• Instructions to follow:
Please give back each line below unchanged; none of the pictures should appear.

• Stored data:
++++++++
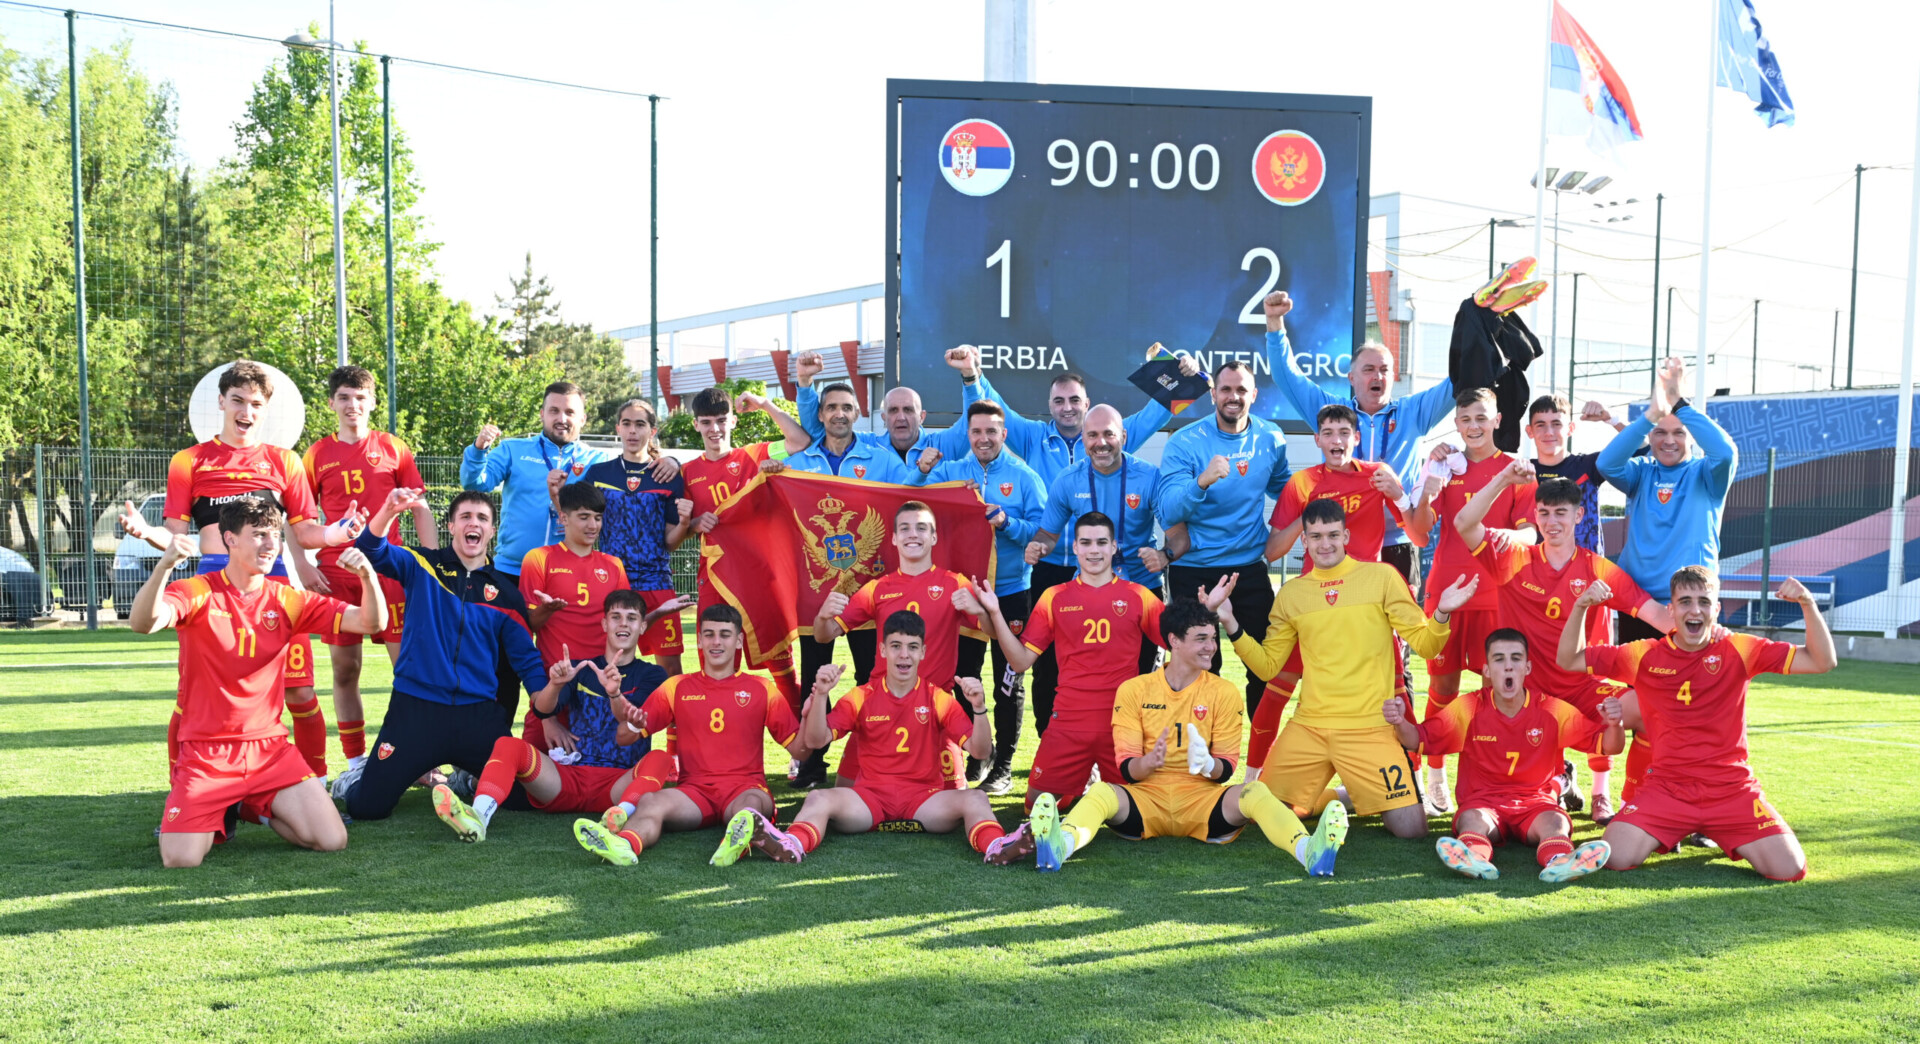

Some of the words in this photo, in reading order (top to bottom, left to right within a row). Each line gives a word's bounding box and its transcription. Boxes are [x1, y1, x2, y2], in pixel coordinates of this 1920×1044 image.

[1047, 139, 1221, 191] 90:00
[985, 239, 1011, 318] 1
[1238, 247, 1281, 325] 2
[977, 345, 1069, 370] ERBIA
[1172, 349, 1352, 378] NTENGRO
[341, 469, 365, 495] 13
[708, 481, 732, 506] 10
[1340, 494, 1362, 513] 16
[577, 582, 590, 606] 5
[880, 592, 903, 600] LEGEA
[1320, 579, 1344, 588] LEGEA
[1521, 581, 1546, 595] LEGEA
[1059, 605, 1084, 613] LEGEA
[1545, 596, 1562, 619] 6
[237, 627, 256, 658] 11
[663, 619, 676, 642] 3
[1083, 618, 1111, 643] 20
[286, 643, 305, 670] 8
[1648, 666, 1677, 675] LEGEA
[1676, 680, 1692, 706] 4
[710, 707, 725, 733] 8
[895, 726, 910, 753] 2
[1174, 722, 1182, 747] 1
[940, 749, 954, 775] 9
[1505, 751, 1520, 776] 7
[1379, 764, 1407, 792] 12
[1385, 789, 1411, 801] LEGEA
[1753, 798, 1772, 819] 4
++++++++
• Solution:
Some of the words in this photo, in reading order (top to bottom, left to right within a row). Each line gives a word's bounding box and its transcription. Boxes are [x1, y1, x2, y2], in pixel coordinates of this 1920×1044 image.

[1047, 139, 1221, 191] 90:00
[985, 239, 1011, 318] 1
[1238, 247, 1281, 325] 2
[977, 345, 1069, 370] ERBIA
[1172, 349, 1352, 378] NTENGRO
[341, 469, 365, 495] 13
[708, 481, 732, 506] 10
[1340, 494, 1362, 513] 16
[577, 582, 590, 606] 5
[880, 592, 903, 600] LEGEA
[1320, 579, 1344, 588] LEGEA
[1521, 581, 1546, 595] LEGEA
[1059, 605, 1084, 613] LEGEA
[1545, 596, 1562, 619] 6
[237, 627, 256, 658] 11
[663, 619, 676, 642] 3
[1083, 618, 1111, 643] 20
[286, 643, 305, 670] 8
[1648, 666, 1677, 675] LEGEA
[1676, 680, 1692, 706] 4
[710, 707, 725, 733] 8
[895, 726, 910, 753] 2
[1174, 722, 1182, 747] 1
[940, 749, 954, 775] 9
[1505, 751, 1520, 776] 7
[1379, 764, 1407, 792] 12
[1385, 789, 1411, 801] LEGEA
[1753, 798, 1772, 819] 4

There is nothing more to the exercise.